Der Senat unterstellt seiner Entscheidung, daß die Widerspruchsmarke aufgrund ihrer langjährigen, intensiven Benutzung und der nicht im Streit stehenden Marktstellung für Mundwässer über eine gesteigerte Kennzeichnungskraft und einen überdurchschnittlichen Schutzumfang verfügt (vgl auch PAVIS PROMA, Kliems, BPatG 30 W (pat) 194, 96 AUDOR = ODOL und 25 W (pat) 145/97 ARTHRODOL ­ ODOL). Soweit die Widersprechende sich darüber hinaus darauf beruft, bei der Widerspruchsmarke handele es sich um eine berühmte Marke mit einem sehr weiten Schutzumfang, ist die insoweit vorauszusetzende Verkehrsbekanntheit weder gerichtsbekannt noch sind die hierzu erforderlichen tatsächlichen Anhaltspunkte aufgrund der vorgelegten Unterlagen oder sonstiger nicht im Streit stehender Tatsachen liquide (vgl hierzu Althammer/Ströbele, MarkenG, 5. Aufl, § 9 Rdn 116; BPatG GRUR 1997, 840, 842, 843 - Lindora/Linola).

Die insoweit von der Widersprechenden vorgelegten Unterlagen über die in den Jahren 1997 bis 1999 erzielten "Marktanteile (Wert)" für Mundwässer sowie die für den Zeitraum 1992 bis 1998 angegebenen Waren- und Werbeumsätze bilden jedenfalls keine ausreichende tatsächliche Grundlage für eine abweichende Beurteilung und die von der Widersprechenden hieraus abgeleitete Rechtsansicht, wenn die erzielten Umsätze und die getätigten Werbeaufwendungen auch durchaus beachtlich erscheinen.

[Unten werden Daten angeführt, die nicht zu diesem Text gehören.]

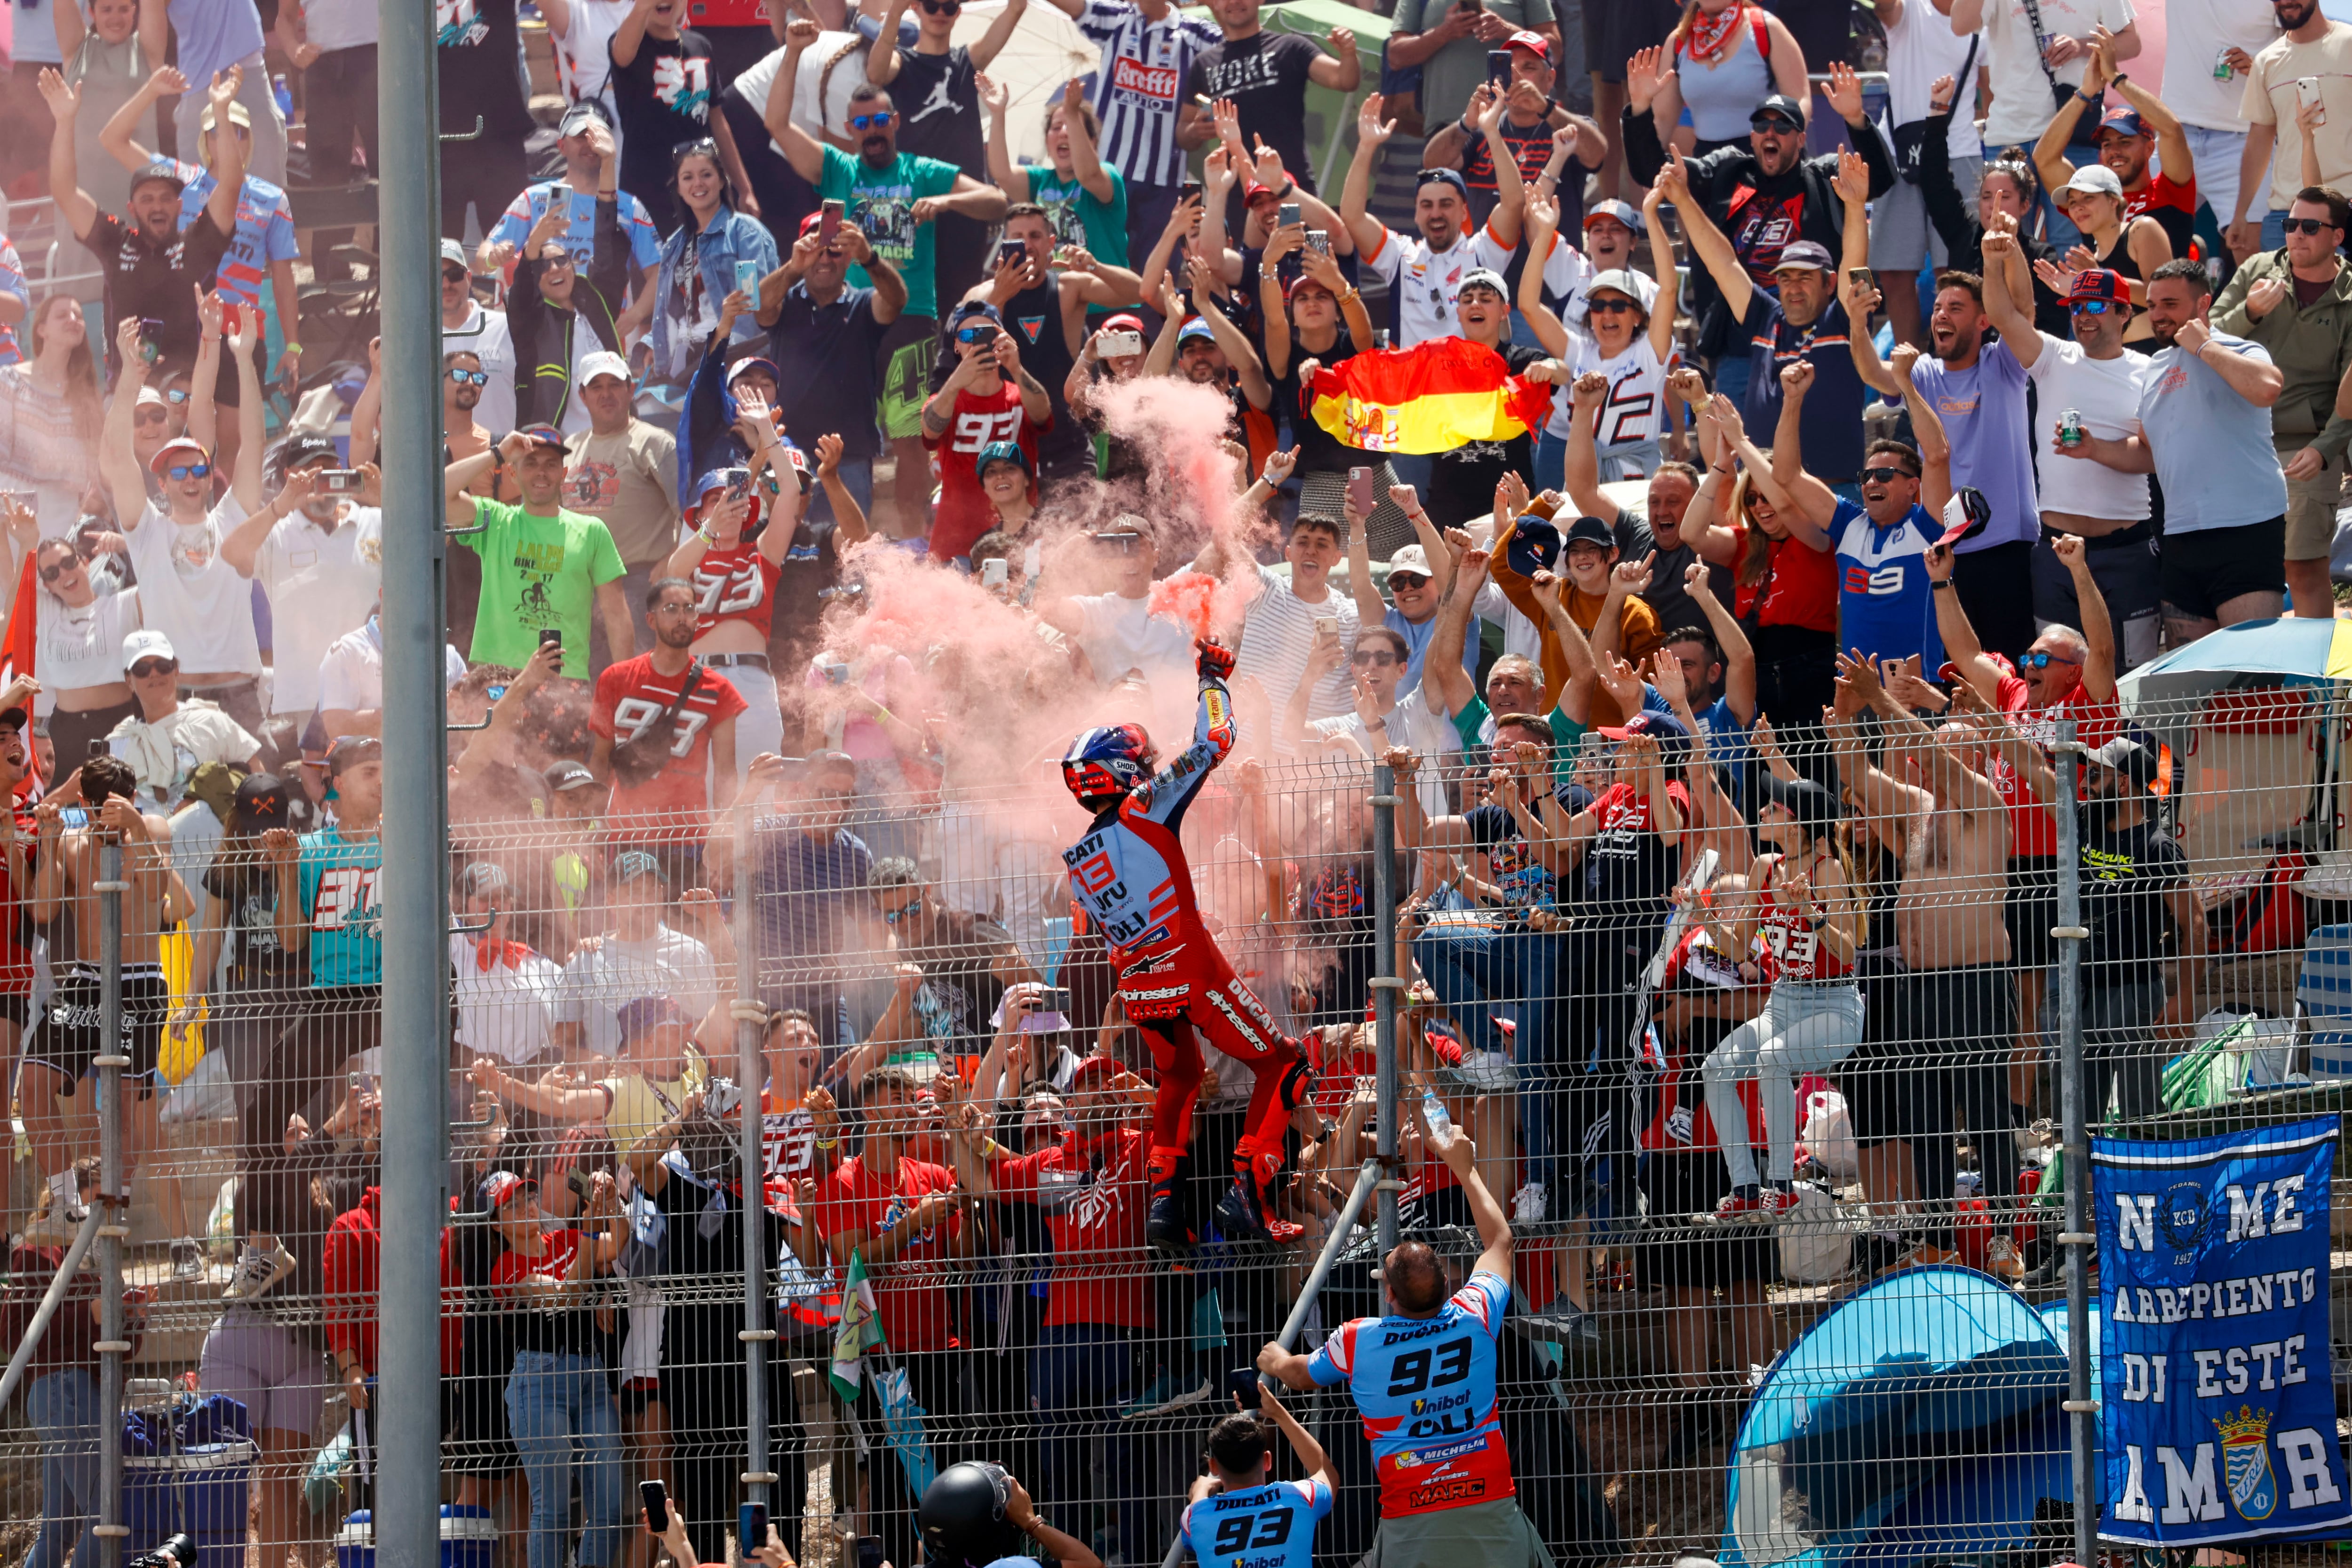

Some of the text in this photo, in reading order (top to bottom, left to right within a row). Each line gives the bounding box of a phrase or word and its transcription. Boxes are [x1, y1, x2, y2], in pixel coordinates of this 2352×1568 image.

[1116, 60, 1175, 96] Krefft
[1206, 51, 1278, 93] WOKE
[1120, 92, 1163, 111] AUTO
[1908, 143, 1922, 166] NY
[1941, 400, 1977, 412] adidas
[952, 406, 1023, 453] 93
[1118, 516, 1132, 527] NY
[514, 557, 536, 569] BIKE
[1401, 549, 1417, 564] M
[542, 573, 553, 584] 17
[693, 563, 761, 614] 93
[1211, 690, 1221, 725] Antangin
[614, 697, 708, 758] 93
[1116, 761, 1136, 772] SHOEI
[1764, 924, 1819, 962] 93
[1120, 983, 1190, 1002] alpinestars
[1205, 989, 1267, 1052] alpinestars
[1227, 978, 1282, 1041] DUCATI
[2168, 1181, 2201, 1192] PEDANIAS
[2115, 1174, 2305, 1252] N ME
[2173, 1209, 2196, 1226] XCD
[2174, 1252, 2193, 1266] 1947
[1383, 1319, 1463, 1346] DUCATI
[1387, 1336, 1472, 1397] 93
[2194, 1334, 2307, 1399] ESTE
[1410, 1389, 1471, 1417] Unibat
[1423, 1438, 1485, 1460] MICHELIN
[1421, 1471, 1470, 1486] alpinestars
[2234, 1448, 2265, 1503] XEREZ
[1215, 1488, 1281, 1512] DUCATI
[1410, 1478, 1485, 1509] MARC
[1214, 1507, 1294, 1556] 93
[1231, 1554, 1287, 1568] Unibat
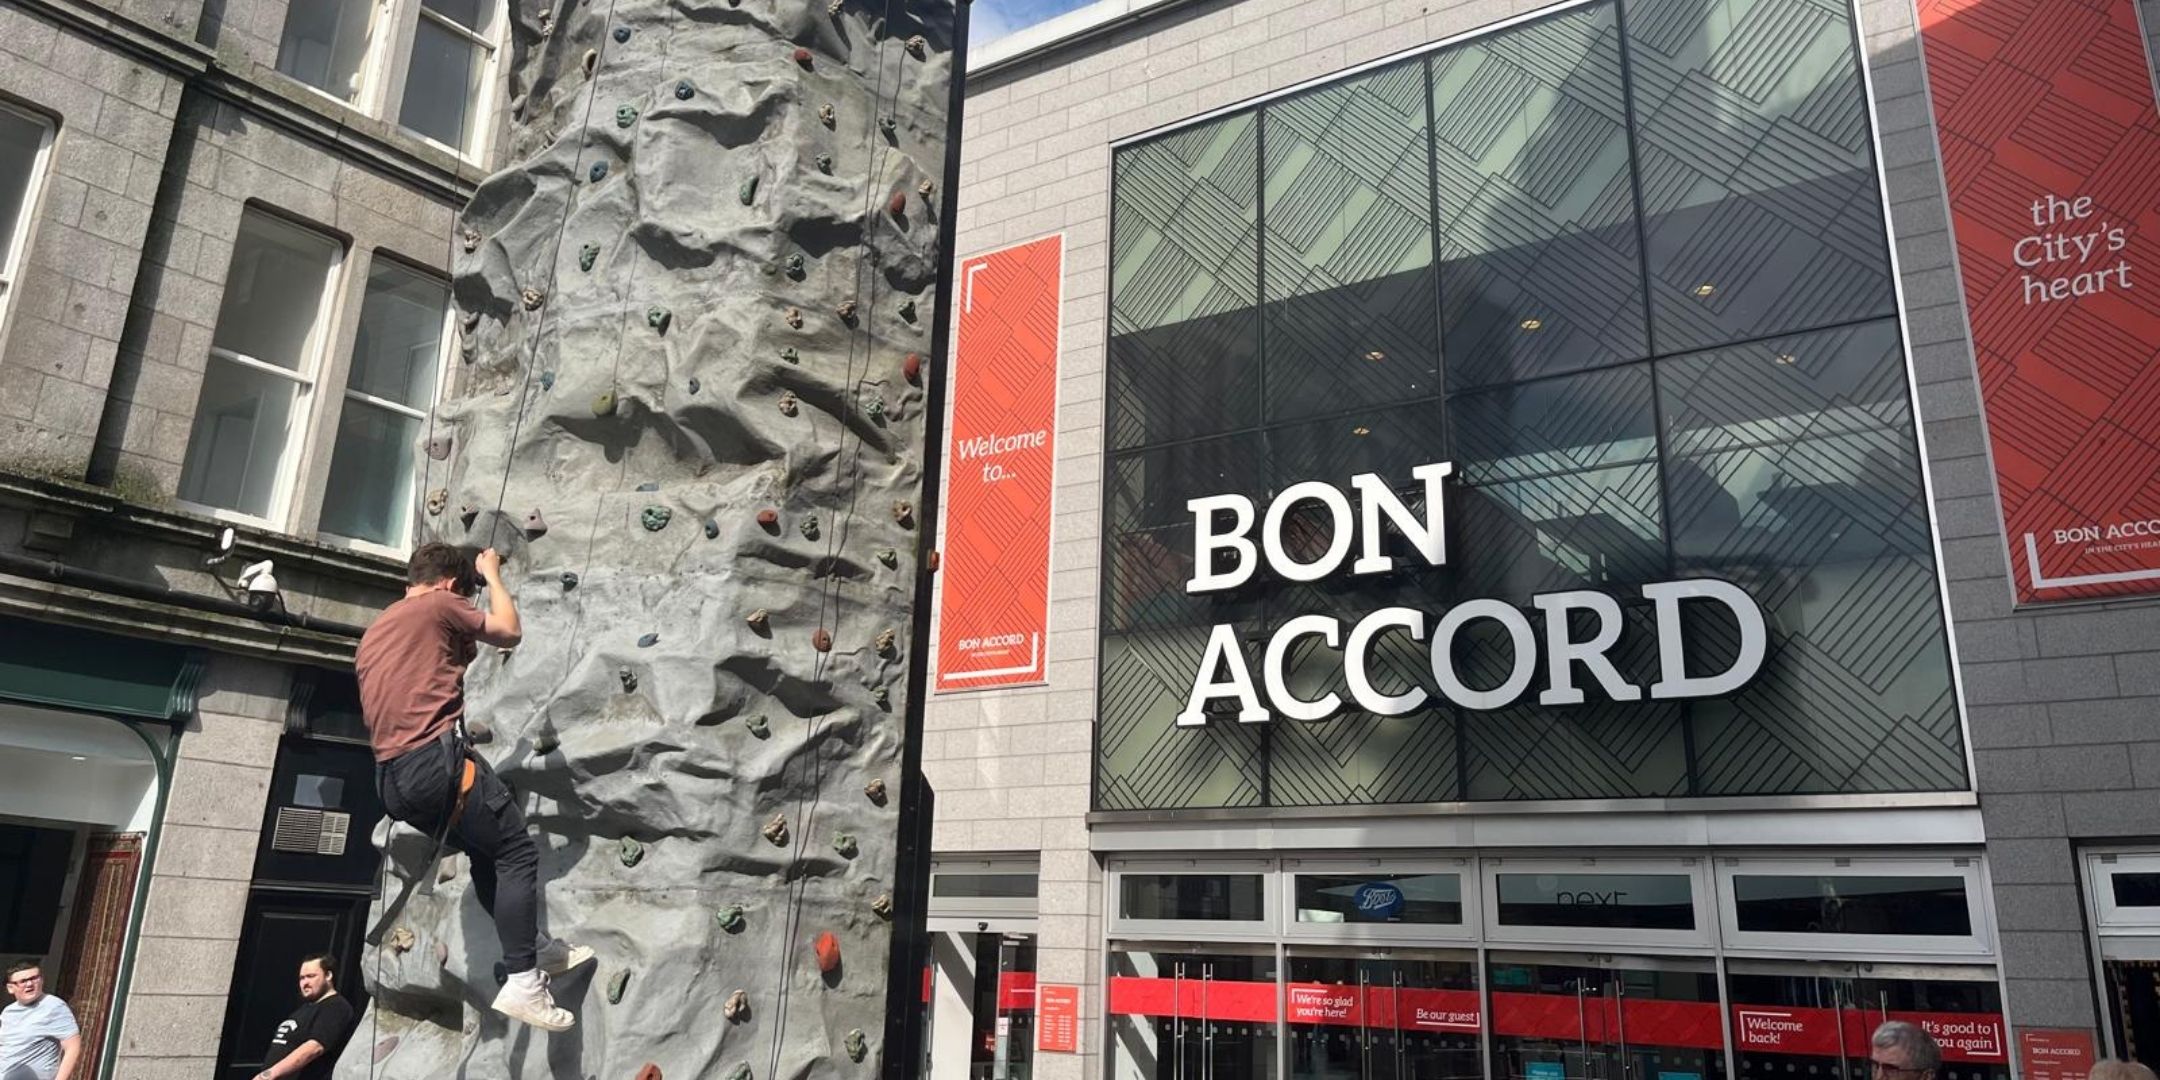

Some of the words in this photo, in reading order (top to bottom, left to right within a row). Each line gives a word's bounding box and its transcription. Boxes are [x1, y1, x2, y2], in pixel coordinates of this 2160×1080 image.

[2030, 194, 2093, 226] the
[2013, 222, 2126, 267] City's
[2021, 260, 2133, 305] heart
[958, 429, 1047, 460] Welcome
[982, 462, 1016, 483] to...
[1185, 460, 1454, 594] BON
[2053, 526, 2100, 545] BON
[2140, 540, 2160, 549] HEA
[959, 639, 980, 651] BON
[982, 633, 1025, 648] ACCORD
[1175, 577, 1769, 727] ACCORD
[1334, 996, 1354, 1007] glad
[1324, 1008, 1347, 1018] here!
[1416, 1008, 1429, 1019] Be
[1430, 1011, 1447, 1020] our
[1448, 1011, 1475, 1023] guest
[1747, 1017, 1804, 1032] Welcome
[1942, 1022, 1975, 1036] good
[1977, 1024, 1991, 1034] to
[1748, 1030, 1780, 1044] back!
[1934, 1037, 1955, 1048] ou
[1956, 1037, 1993, 1051] again

So stellen Umsatzzahlen bereits regelmäßig keine ausreichende Grundlage für die Beurteilung der Kennzeichnungskraft einer Marke dar, da selbst umsatzstarke Marken nicht besonders bekannt sein müssen, wie andererseits Marken trotz relativ geringer Umsätze mit den gekennzeichneten Produkte sehr bekannt sein können. Auch lassen die für die Jahre 1997 bis 1999 für Mundwässer vorgelegten Angaben über erzielte Marktanteile keinen hinreichenden Rückschluß darauf zu, ob die Voraussetzungen für die Anerkennung einer hieraus ableitbaren Erhöhung des Schutzumfangs der Widerspruchsmarke in diesem Warenbereich bereits zum maßgeblichen Zeitpunkt der Anmeldung der angegriffenen Marke bestanden haben, also am 15. Februar 1995, wie auch im Zeitpunkt der Entscheidung noch bestehen, was jedoch erforderlich gewesen wäre (vgl hierzu Althammer/Ströbele, MarkenG, 5. Aufl, § 9 Rdn 21; BPatG GRUR aaO, - Lindora / Linola). Im übrigen sind auch prozentuale Angaben von Marktanteilen um so weniger aussagekräftig, je enger der Warenbegriff gezogen wird (vgl auch PAVIS PROMA, Knoll, BPatG 30 W (pat) 312/93 - REDUCHOL ­ RECATOL N) und erfordern auch die Angabe der zugrundeliegenden sonstigen Bezugsgrößen, insbesondere wenn - wie vorliegend - erst eine nähere Bestimmung der Art und des Wertes der in Bezug gesetzten Konkurrenzprodukte der hierauf bezogenen Angabe von Marktanteilen eines Produkts (hier ca 76 % bis 80 %) Aussagekraft für die hieraus resultierende Bekanntheit einer Marke verleihen kann. Auch hier kann im übrigen nicht allgemein und abstrakt bestimmt werden, bei welchem Prozentsatz etwa die Bejahung einer hohen Kennzeichnungskraft gerechtfertigt ist (vgl EUGH MarkenR 1999, 236, 239 Lloyds / Loints).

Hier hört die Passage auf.